FEATURED ENTRY · CULTURAL-NOTE
Long Beach Cambodia Town diaspora history and food scene
Long Beach, California, is home to the largest Cambodian-American population outside Cambodia, with approximately 50,000 Cambodian-Americans in the metro area and roughly 30,000 within city limits. In 2007, the city officially designated “Cambodia Town” along Anaheim Street between Atlantic and Junipero Avenues, creating a cultural and commercial corridor that anchors the diaspora community.
The migration history is rooted in the Khmer Rouge genocide (1975–1979), which killed an estimated 1.7 million Cambodians. Beginning in 1979, approximately 150,000 Cambodian refugees were admitted to the United States through UN Refugee Resettlement programs. Long Beach became a primary settlement site due to sponsorship by the U.S. Naval Hospital (now Long Beach VA Medical Center) and the presence of an existing Asian-American community that provided support networks.

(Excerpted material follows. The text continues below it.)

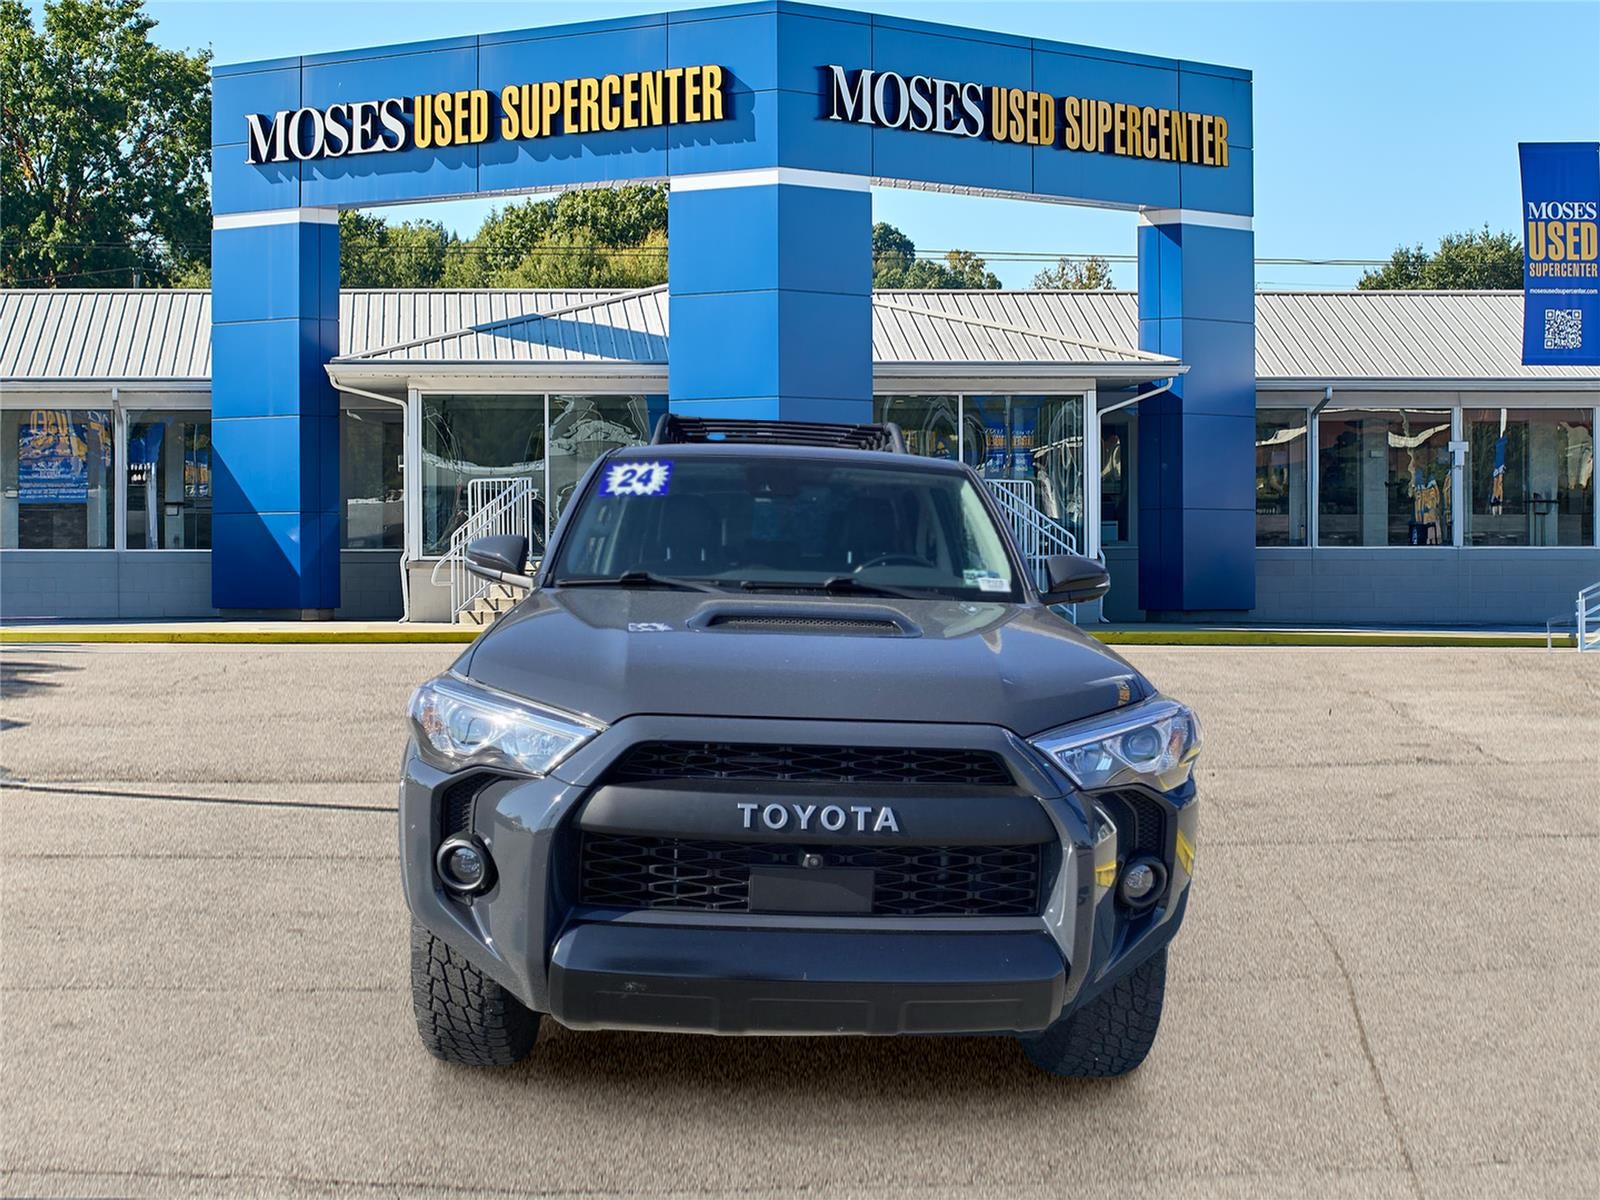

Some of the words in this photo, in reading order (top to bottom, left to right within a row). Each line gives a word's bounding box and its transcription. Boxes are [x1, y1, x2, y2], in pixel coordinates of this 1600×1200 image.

Key cultural institutions include the Cambodian Family, Cambodian Coordinating Council, United Cambodian Community, and the Khmer Buddhist Society temple. The annual Khmer New Year celebration in April at MacArthur Park draws thousands for traditional music, dance, and food.
The food scene is concentrated along the Anaheim Street corridor. Long-running anchors include Sophy’s (family-run since the 1980s), Phnom Penh Noodle Shack, Battambang, Hak Heang Restaurant, and New Paradise Buffet. Grocery stores such as Sokha Market and 88 Ranch Market supply essential ingredients like prahok (fermented fish paste), kroeung (curry paste), fresh rice noodles, and tropical produce. Cambodia Town Pho represents Khmer-Vietnamese fusion, reflecting regional culinary overlap.

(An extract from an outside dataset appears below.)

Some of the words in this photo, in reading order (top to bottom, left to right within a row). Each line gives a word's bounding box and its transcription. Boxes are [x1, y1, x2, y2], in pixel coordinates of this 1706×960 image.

The community has faced significant challenges: gang violence in the 1980s–1990s, deportation policies affecting Cambodian-Americans who arrived as trafficked children, and ongoing gentrification pressure on the Anaheim corridor. Post-Khmer-Rouge cultural preservation is particularly acute because the genocide killed much of Cambodia’s pre-1975 intelligentsia and culinary tradition; older-generation survivors serve as essential keepers of recipes, techniques, and foodways.
Dietary breadth includes rice-based staples (rice noodles, rice porridge/congee), soups (num banh chok, samlor korko), grilled meats (sach ko ang), and salads (larb, bok lahong). Fish sauce, prahok, lemongrass, galangal, kaffir lime, and turmeric are foundational. The cuisine is naturally gluten-free in many dishes (rice noodles, rice-based desserts) but uses soy sauce in some preparations; prahok and fish sauce are not vegan-friendly. Halal options are limited but available at some Cambodian-Muslim vendors.